Nessa matéria, é a época das Luzes que constitui o momento fundamental. Para a burguesia, que cedo se apropria do poder político, a Idade Média constitui um contraponto perfeito: Adam Smith evoca a anarquia e a estagnação de um período feudal enterrado nos corporativismos e nas regulamentações, por oposição ao progresso trazido pelo liberalismo. Voltaire e Rousseau denunciam a tirania da Igreja e forjam a temática do obscurantismo medieval, a fim de melhor valorizar as virtudes da liberdade de consciência. É então que toma corpo, de maneira decisiva, a visão da Idade Média que perdura até nossos dias, pois o Iluminismo se define em oposição a ela e a imagem das trevas medievais torna mais estrondosa a novidade deste. Ele deve, então, mostrar que tudo "o que o havia precedido era somente arbitrário na política, fanatismo na religião, marasmo na economia" (Alain Guerreau). A construção historiográfica da Idade Média permite, assim, exaltar os valores em nome dos quais a burguesia se apropria do poder e recompõe a organização social, ao mesmo tempo que legitima a ruptura revolucionária com a ordem antiga. Ora, não apenas o pensamento do Iluminismo conduz a uma radical denúncia das trevas anteriores, mas também leva a tornar incompreensível a época medieval, o que só faz acentuar sua desvalorização. Criando conceitos inteiramente novos de economia (Smith) e de religião (Rousseau), os pensadores do Iluminismo provocam o que Alain Guerreau nomeia a "dupla fratura conceitual". Ocultando as noções que dão sentido à sociedade feudal, eles tornam impossível toda captação da lógica própria à sua organização e fazem-na afundar na incoerência e na irracionalidade, contribuindo, assim, para justificar a necessidade de abolir a ordem antiga.

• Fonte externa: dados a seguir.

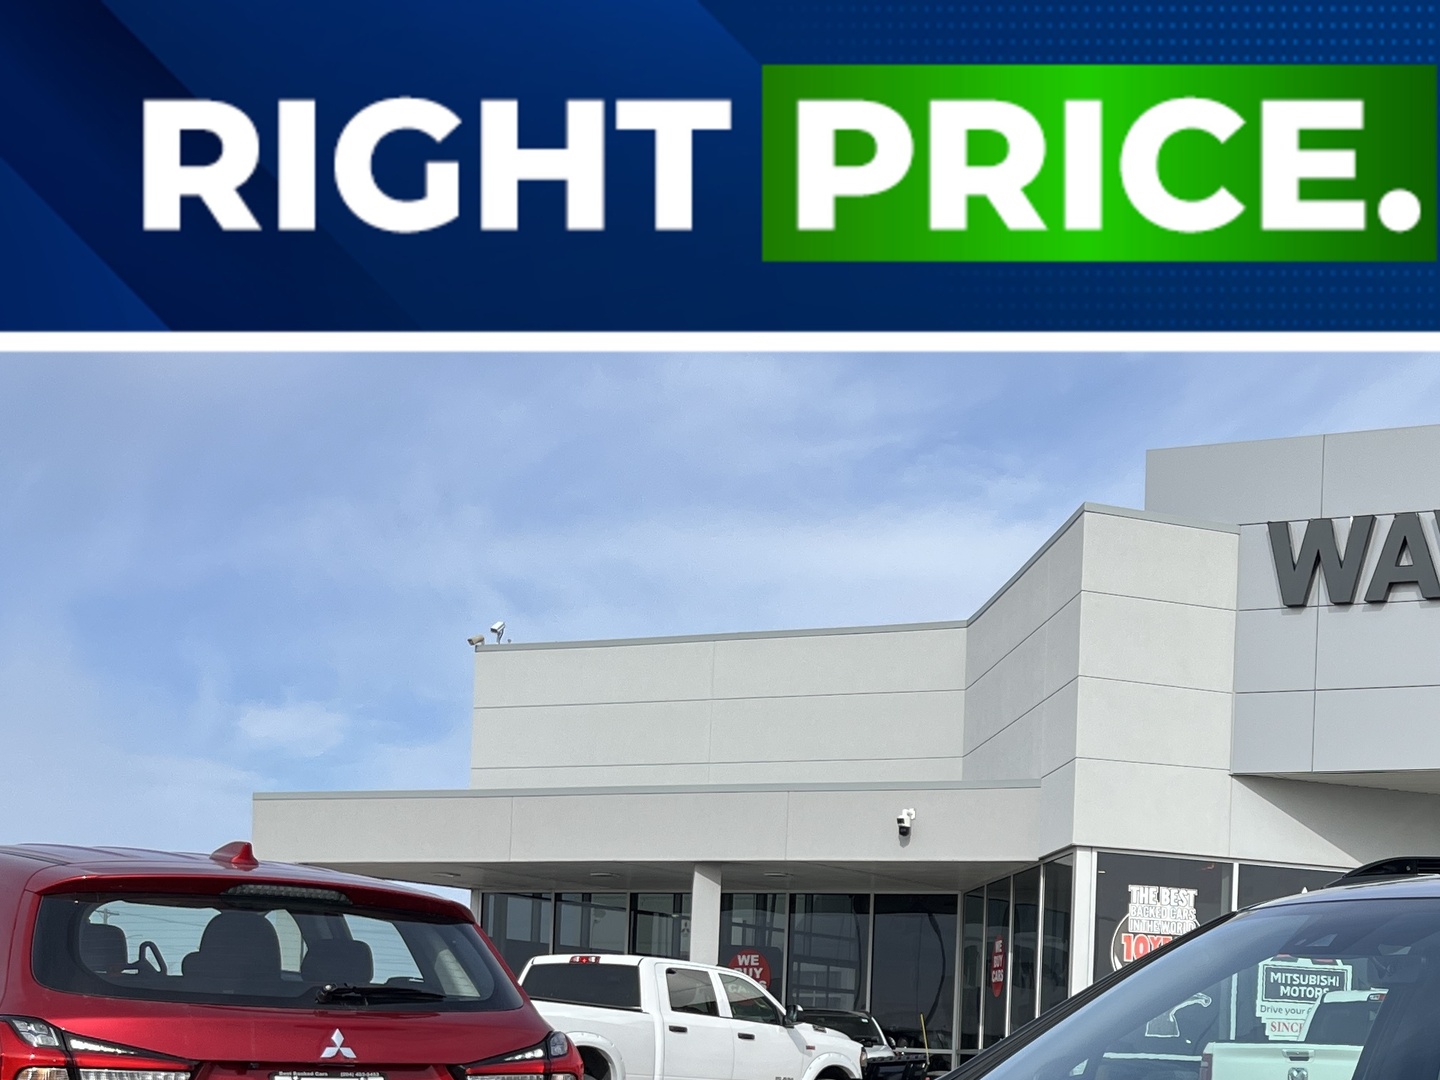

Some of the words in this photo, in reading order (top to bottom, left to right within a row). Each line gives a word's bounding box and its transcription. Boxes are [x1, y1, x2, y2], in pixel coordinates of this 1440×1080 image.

Uma vez que ela constitui uma época manchada por um preconceito infamante excepcionalmente vigoroso, a Idade Média convida, com particular acuidade, a uma reflexão sobre a construção social do passado e sobre a função presente da representação do passado. Como acaba de ser dito, a idéia de um milênio de obscurantismo corresponde a interesses precisos: a propaganda dos humanistas, de início, e, mais tarde, o elã revolucionário dos pensadores burgueses ocupados em solapar os fundamentos de um regime antigo, do qual a Idade Média é a quintessência. É preciso considerar que ainda vivemos no mundo ao qual eles deram forma, pois sua visão da Idade Média continua a exercer o papel de lugar-comum. Sem dúvida, a necessidade de tal contraponto não é mais tão imperiosa como era no fim do século XVIII. Entretanto, esse passado, tão longínquo como bárbaro, ainda presta bons e leais serviços e o caráter quase inextirpável das idéias preconcebidas sugere que não se renuncia facilmente ao muito cômodo contraponto valorizador medieval. Este contribui a nos convencer das virtudes da nossa modernidade e dos méritos de nossa civilização. A maior parte das culturas teve grande necessidade da imagem dos bárbaros (ou dos primitivos), pertencentes a um lugar distante exótico ou presentes para além de suas fronteiras, a fim de se definirem elas mesmas como civilizações. O Ocidente não é exceção, mas ele apresenta também essa particularidade de ter uma época bárbara alojada no seio de sua própria história. Em todo caso, o alhures ou o antes bárbaro são decisivos para constituir, por contraste, a imagem de um aqui e agora civilizado. Interrogar-se sobre as noções de barbárie e de civilização e pôr em dúvida a possibilidade de julgar as sociedades humanas em função de tal oposição: é também a isso que nos convida a história da Idade Média.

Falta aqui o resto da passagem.